I first verify the `.spacy` files before running the command line operation for training the model. The model is an ensemble of a tok2vec model that uses attention under the transformer architecture combined with a linear bag-of-words model. I trained the model for 11 epochs using accuracy as the loss function and `adam` as the optimizer.

In [None]:
# View the entities in the train and test docs
train_loc = "/work/data/spacy_data/textcat_train.spacy"
dev_loc = "/work/data/spacy_data/textcat_valid.spacy"

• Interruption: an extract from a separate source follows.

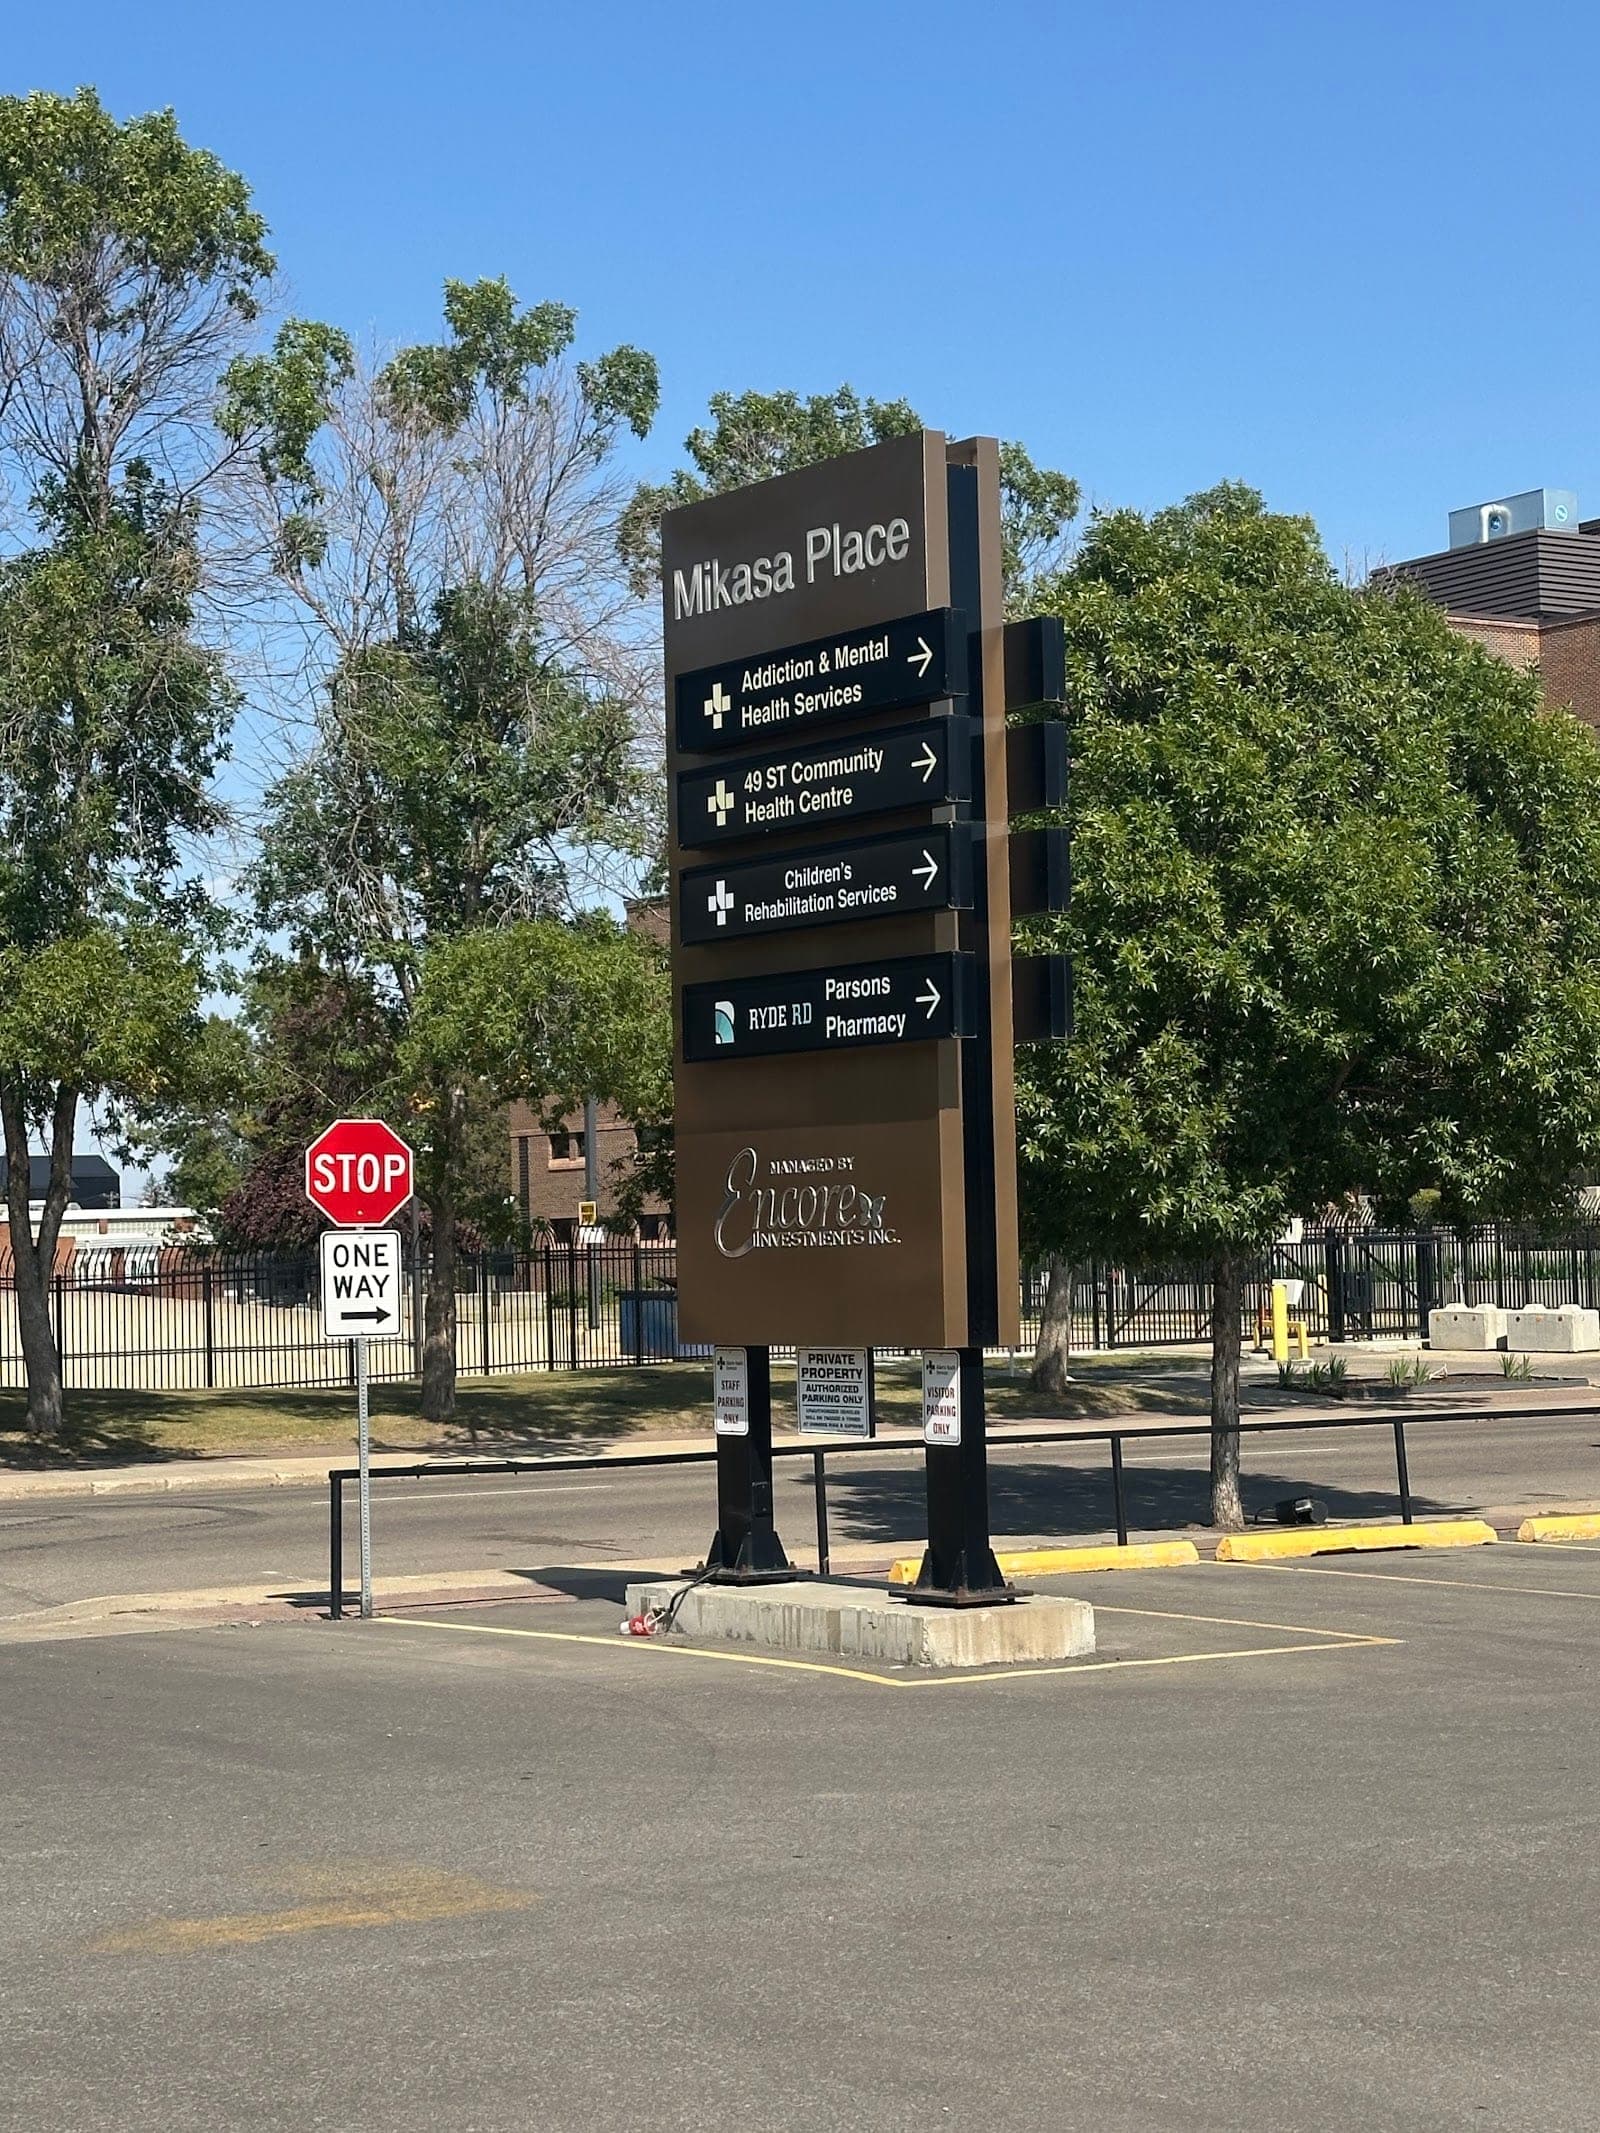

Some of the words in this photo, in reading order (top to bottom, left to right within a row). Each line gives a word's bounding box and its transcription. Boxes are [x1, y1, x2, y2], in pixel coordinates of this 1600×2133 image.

# Load library and train data
nlp = spacy.load('en_core_web_sm')
doc_bin = DocBin().from_disk(train_loc)
docs = list(doc_bin.get_docs(nlp.vocab))
entities = 0

# Iterate through the docs
for doc in docs:
    entities += len(doc.ents)
print(f"TRAIN docs: {len(docs)} with {entities} entities")

# Load library and test data
doc_bin = DocBin().from_disk(dev_loc)
docs = list(doc_bin.get_docs(nlp.vocab))
entities = 0

# Iterate through the docs
for doc in docs:
    entities += len(doc.ents)
print(f"DEV docs: {len(docs)} with {entities} entities")

TRAIN docs: 17982 with 42228 entities
DEV docs: 3596 with 8447 entities


In [None]:
# Train model
!python -m spacy train ../config/config.cfg --verbose --output ../data/textcat_output --paths.train ../data/spacy_data/textcat_train.spacy --paths.dev ../data/spacy_data/textcat_valid.spacy

2021-10-31 23:47:20.347614: W tensorflow/stream_executor/platform/default/dso_loader.cc:60] Could not load dynamic library 'libcudart.so.11.0'; dlerror: libcudart.so.11.0: cannot open shared object file: No such file or directory
2021-10-31 23:47:20.347659: I tensorflow/stream_executor/cuda/cudart_stub.cc:29] Ignore above cudart dlerror if you do not have a GPU set up on your machine.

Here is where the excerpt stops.